Grads Party All Night, Greet Dawn as Adults

Times and politics may change, but just as they did on the same day 10, 15 or 20 years ago, more than 50,000 Moscow high school seniors will attend school for the last time in their lives Friday -- for the graduation night. School uniforms are a thing of the past and so are 20-kopek lunches, as well as pioneers and komsomol -- but the graduation night lives on. For students this will mean spending the entire night in their school buildings to meet the traditional "first dawn of their adult lives" on Red Square or Sparrow Hills. According to city education department officials, 50,535 students will graduate this year from the capital's 1,212 high schools. About 90 of them will be awarded gold medals, said Viktor Golovanov, head of the education department's extracurricular bureau. In this year's recommendations sent out to schools the main goal is to make the celebration less formal and official, Golovanov said. Traditionally, the night starts at around 7 P.M. when students are congratulated and receive diplomas. The rest of the night very much depends on the organizers' creativity -- and the amount of alcohol involved. This year, two large entertainment complexes are involved in the celebration, Golovanov said. The Rossiya concert hall and the Central Palace of Youth on Komsomolsky Prospekt will host about 2,000 students each for a night of live music, food and drink. At school No. 1280, the 41 graduates will celebrate at the Mziuri Georgian culture center on the Arbat, said Tatyana Ryzhenko, the school's principal. "But this is only because our building is undergoing major repairs," she added.
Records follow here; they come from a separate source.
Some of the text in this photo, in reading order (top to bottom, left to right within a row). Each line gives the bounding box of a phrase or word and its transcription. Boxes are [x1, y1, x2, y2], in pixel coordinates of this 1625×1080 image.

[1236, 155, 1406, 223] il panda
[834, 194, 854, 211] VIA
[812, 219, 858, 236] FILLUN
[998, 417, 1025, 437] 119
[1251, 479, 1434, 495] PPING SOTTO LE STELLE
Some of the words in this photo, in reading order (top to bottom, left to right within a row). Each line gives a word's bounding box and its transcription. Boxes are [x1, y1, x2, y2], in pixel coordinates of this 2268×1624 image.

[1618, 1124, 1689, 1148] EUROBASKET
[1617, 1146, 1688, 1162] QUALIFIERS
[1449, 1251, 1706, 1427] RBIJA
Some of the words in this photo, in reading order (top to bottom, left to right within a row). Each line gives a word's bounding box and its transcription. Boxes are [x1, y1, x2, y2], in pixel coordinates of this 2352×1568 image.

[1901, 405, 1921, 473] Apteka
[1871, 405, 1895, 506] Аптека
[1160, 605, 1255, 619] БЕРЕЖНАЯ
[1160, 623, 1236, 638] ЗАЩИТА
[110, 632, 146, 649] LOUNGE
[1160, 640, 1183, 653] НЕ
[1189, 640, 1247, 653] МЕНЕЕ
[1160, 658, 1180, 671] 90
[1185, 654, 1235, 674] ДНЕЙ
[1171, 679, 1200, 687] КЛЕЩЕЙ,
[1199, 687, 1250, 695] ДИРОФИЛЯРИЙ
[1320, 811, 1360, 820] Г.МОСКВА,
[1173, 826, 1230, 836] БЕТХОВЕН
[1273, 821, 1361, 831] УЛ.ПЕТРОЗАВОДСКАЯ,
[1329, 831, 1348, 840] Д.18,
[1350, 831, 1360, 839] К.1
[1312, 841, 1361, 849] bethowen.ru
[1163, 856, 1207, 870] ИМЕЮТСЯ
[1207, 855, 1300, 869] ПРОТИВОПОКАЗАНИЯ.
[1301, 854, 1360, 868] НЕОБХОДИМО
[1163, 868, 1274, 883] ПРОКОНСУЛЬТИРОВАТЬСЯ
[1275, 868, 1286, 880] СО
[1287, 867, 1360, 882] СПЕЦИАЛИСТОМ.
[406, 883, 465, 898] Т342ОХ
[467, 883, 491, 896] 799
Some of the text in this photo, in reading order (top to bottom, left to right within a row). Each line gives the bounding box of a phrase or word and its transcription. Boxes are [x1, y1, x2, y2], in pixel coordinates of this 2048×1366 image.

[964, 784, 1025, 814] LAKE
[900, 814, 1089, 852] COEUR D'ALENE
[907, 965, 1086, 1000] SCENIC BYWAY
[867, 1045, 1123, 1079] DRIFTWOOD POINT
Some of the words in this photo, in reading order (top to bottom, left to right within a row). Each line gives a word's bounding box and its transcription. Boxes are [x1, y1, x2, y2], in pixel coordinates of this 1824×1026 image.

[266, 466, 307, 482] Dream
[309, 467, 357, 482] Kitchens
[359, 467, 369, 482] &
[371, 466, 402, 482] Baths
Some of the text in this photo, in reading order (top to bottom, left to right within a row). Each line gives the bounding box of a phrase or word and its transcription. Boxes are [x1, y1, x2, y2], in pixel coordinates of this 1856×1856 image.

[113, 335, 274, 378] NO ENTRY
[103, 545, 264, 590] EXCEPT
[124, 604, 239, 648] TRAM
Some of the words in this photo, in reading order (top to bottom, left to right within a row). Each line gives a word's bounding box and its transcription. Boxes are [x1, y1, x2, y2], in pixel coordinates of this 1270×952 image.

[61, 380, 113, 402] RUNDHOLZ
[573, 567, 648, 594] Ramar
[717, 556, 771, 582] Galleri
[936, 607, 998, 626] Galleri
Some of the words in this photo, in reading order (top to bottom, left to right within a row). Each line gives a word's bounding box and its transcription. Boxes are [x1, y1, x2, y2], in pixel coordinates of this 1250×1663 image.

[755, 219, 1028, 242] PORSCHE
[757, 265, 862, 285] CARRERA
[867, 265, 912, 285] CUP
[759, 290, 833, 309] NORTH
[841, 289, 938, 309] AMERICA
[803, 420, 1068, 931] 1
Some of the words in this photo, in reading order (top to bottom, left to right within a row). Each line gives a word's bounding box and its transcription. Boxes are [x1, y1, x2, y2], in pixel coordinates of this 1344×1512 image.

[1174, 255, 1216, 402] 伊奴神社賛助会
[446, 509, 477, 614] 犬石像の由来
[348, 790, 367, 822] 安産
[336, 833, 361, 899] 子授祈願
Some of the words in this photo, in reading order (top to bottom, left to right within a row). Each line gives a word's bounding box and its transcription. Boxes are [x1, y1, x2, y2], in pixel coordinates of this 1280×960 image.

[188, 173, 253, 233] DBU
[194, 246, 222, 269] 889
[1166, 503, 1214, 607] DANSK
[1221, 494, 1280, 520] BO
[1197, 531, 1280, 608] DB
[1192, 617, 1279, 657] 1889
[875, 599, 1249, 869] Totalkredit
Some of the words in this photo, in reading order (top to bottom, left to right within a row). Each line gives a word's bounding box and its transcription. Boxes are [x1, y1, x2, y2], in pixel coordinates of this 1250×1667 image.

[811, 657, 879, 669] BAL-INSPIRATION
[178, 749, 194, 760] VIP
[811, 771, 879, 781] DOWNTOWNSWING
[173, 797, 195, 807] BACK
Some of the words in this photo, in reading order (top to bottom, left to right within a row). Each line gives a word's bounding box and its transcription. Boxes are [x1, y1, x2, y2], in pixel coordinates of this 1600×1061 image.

Ryzhenko could not tell exactly how much this year's party cost, but estimated each parental contribution at between 40, 000 and 50,000 rubles ($20.3 to $25.4). For the 1990 graduation party at school No.1278, parents were asked to throw in 50 rubles each. Vasily Gushchin, a driver, has spent the past five months outfitting his daughter for the party, he said. Recently, he bought her a dress for 230,000 rubles. Under the tighter communist-era rules, girls used to turn out in white or light-colored dresses, while boys wore white shirts and dark suits. "For my graduation party in 1963," said Nadezhda Shnitova of the education department, "I wore a white dress, just like a bride, and walked all the way from Bolshaya Yakimanka to Red Square at sunrise."